OUR SERVICES INCLUDE MICROSCOPE MAINTENANCE & SERVICING, CONVERSION OF LIGHT MICROSCOPES TO DUAL ELECTRICAL MICROSCOPES, FITMENT OF LABORATORY GAS SYSTEMS, WATER SYSTEMS CUPBOARDS & TABLES AS WELL AS WEATHER STATION DESIGNING.

THE MAN BEHIND SCULLARD MARKETING


Tafadzwa Chikasha (35) cuts the figure of a flourishing entrepreneur as he speaks with the authority of charismatic preacher about his trade. His knowledge is almost encyclopedic.

He deals in everything from screws to microscopes and laboratory glassware. But his rise was not one in which he simply treaded the straight and narrow. He had tried his hand in different things before settling for the supply of laboratory equipment to schools and hospitals.

“I have come from far,” he remembers with nostalgia. “Many years back I experimented with formulae for simple things like cobra (floor polish), detergents, lotions and candles.”

This was the rather inauspicious beginnings, with the birth pangs painful. In the earlier high school years, Chikasha recalls how he had always had a passion for science.
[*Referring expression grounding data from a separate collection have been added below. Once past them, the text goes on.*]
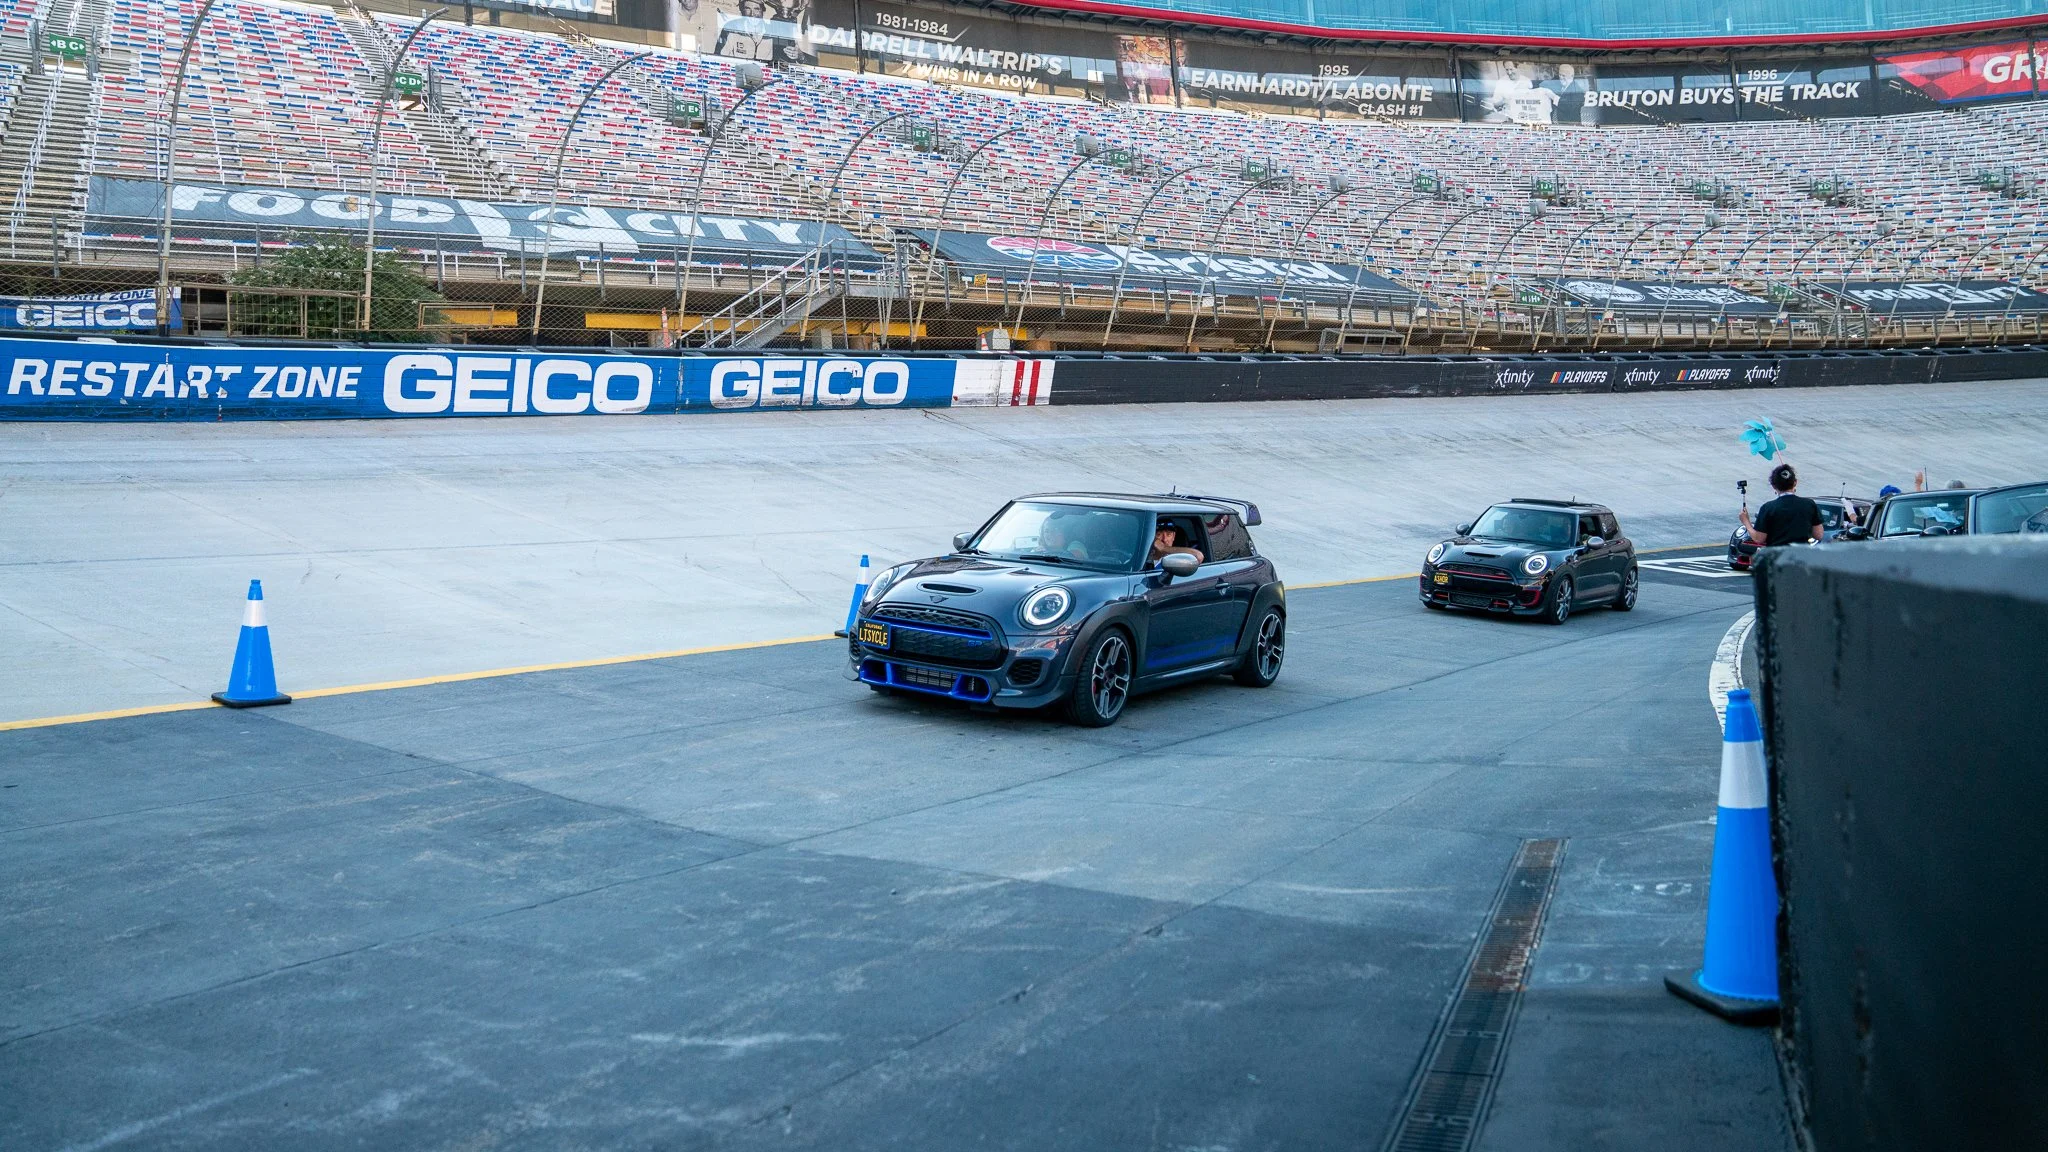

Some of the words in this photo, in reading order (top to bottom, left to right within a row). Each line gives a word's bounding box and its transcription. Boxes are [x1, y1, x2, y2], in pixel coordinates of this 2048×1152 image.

[876, 12, 949, 36] 1981-1984
[808, 24, 932, 59] DARRELL
[936, 42, 1064, 76] WALTRIP'S
[902, 61, 911, 74] 7
[916, 63, 959, 81] WINS
[962, 69, 980, 83] IN
[983, 72, 996, 85] A
[999, 74, 1039, 90] ROW
[1318, 64, 1350, 77] 1995
[1747, 69, 1778, 81] 1996
[1982, 52, 2048, 83] GR
[1190, 70, 1434, 102] EARNHARDT/LABONTE
[1584, 89, 1675, 107] BRUTON
[1679, 87, 1734, 105] BUYS
[1743, 85, 1784, 103] THE
[1789, 81, 1861, 100] TRACK
[1358, 102, 1406, 116] CLASH
[1409, 104, 1424, 117] #1
[162, 185, 457, 224] FOOD
[625, 212, 803, 244] CITY
[1105, 244, 1350, 282] Bristol
[108, 288, 155, 301] ZONE
[7, 358, 243, 399] RESTART
[248, 366, 362, 399] ZONE
[383, 354, 653, 414] GEICO
[709, 359, 910, 409] GEICO
[1494, 368, 1535, 388] xfinity
[1562, 371, 1608, 384] PLAYOFFS
[1623, 367, 1661, 386] xfinity
[1687, 368, 1731, 381] PLAYOFFS
But it was only when he was studying at the University of Zimbabwe (UZ) in 2002 that a new vision was birthed in his spirit. 
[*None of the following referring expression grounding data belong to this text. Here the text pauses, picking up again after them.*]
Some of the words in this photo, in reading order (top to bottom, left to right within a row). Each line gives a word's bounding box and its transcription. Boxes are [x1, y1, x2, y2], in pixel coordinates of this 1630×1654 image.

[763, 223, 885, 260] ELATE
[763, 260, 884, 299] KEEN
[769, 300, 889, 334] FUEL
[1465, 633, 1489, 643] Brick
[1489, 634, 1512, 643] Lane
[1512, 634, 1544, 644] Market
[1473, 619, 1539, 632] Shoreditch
“I had to work for my own pocket money so I decided to sell prepared slides (a type of mini-microscope) which make it easy for one to see the structure of the human skin or leaf,” he recollects. He sold the slides to schools in Harare and Chitungwiza.

While working at a local referral hospital as medical laboratory scientist, things started shaping up. He met the then headmaster at Seke 1 High, where he had gone to deliver the slides, and the man challenged him to spread his wings. He was so impressed by the young man’s burgeoning entrepreneurial flair that he counseled him to establish a company.  
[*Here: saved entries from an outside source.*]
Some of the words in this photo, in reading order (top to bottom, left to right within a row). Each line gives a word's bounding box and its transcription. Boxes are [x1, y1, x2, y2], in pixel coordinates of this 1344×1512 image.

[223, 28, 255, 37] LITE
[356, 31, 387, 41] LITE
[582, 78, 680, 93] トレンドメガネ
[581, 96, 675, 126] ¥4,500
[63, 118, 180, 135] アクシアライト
He took the advice and had never regretted. In 2006, he left formal employment to concentrate on his business, which was now on a sharp ascent as the orders he received, especially during public school examinations time, needed his full attention.

A leading market player at the time contracted him to provide them with different medical products following the registration of his company. He expanded his horizons and started importing his products from the UK, China, India and South Africa.

“In India you can get products in small quantities unlike in other countries like South Africa, so this gave me a competitive advantage in the industry because the majority of my competitors only relied on South Africa,” he says.

Chikasha’s major break, he remembers, came at the height of the foreign currency crisis as the economy went into comatose mode. Bigger companies were forced to wait for as long as six months before they could get orders, which were much bigger, and he capitalised on that gap.

“Bigger companies were afraid of buying foreign currency on the parallel market but because our clients needed small orders, we just bought the forex and brought in the goods,” he says. “So the relationships we established with our clients then have remained strong even up to this day.”

As a Christian, the father of two says his faith is symbiotically linked to his business in which he had seen openings were his competitors have only confronted closed doors.

“God has given me favour. I have been able to identify sources of cheaper products while others were getting them at much higher prices,” he says. “This business has closed networks, but I was able to break into those networks and establish strong business ties.”

There have been moments, he says, when he had placed orders that could only be described as suicidal before establishing the markets, but has been able to sell them all. He supplies equipment that includes microscopes, electronic balances, power supply units, lab chemicals and protective clothing.

His dream is to establish his own laboratory so he can live out his passion for production of scientific chemicals and equipment. Chikasha is naturally inventive. He has created his own scientific products that have been used in school and hospital laboratories. Though effective, these have however, not been officially registered because “the process is costly and cumbersome”, especially for small-time players.

The former Ngezi and Victoria High School student says many local scientists are gifted but have not been given an opportunity and resources to produce some chemicals that the nation is importing from foreign markets at a high cost. These include cotton and tobacco curing chemicals.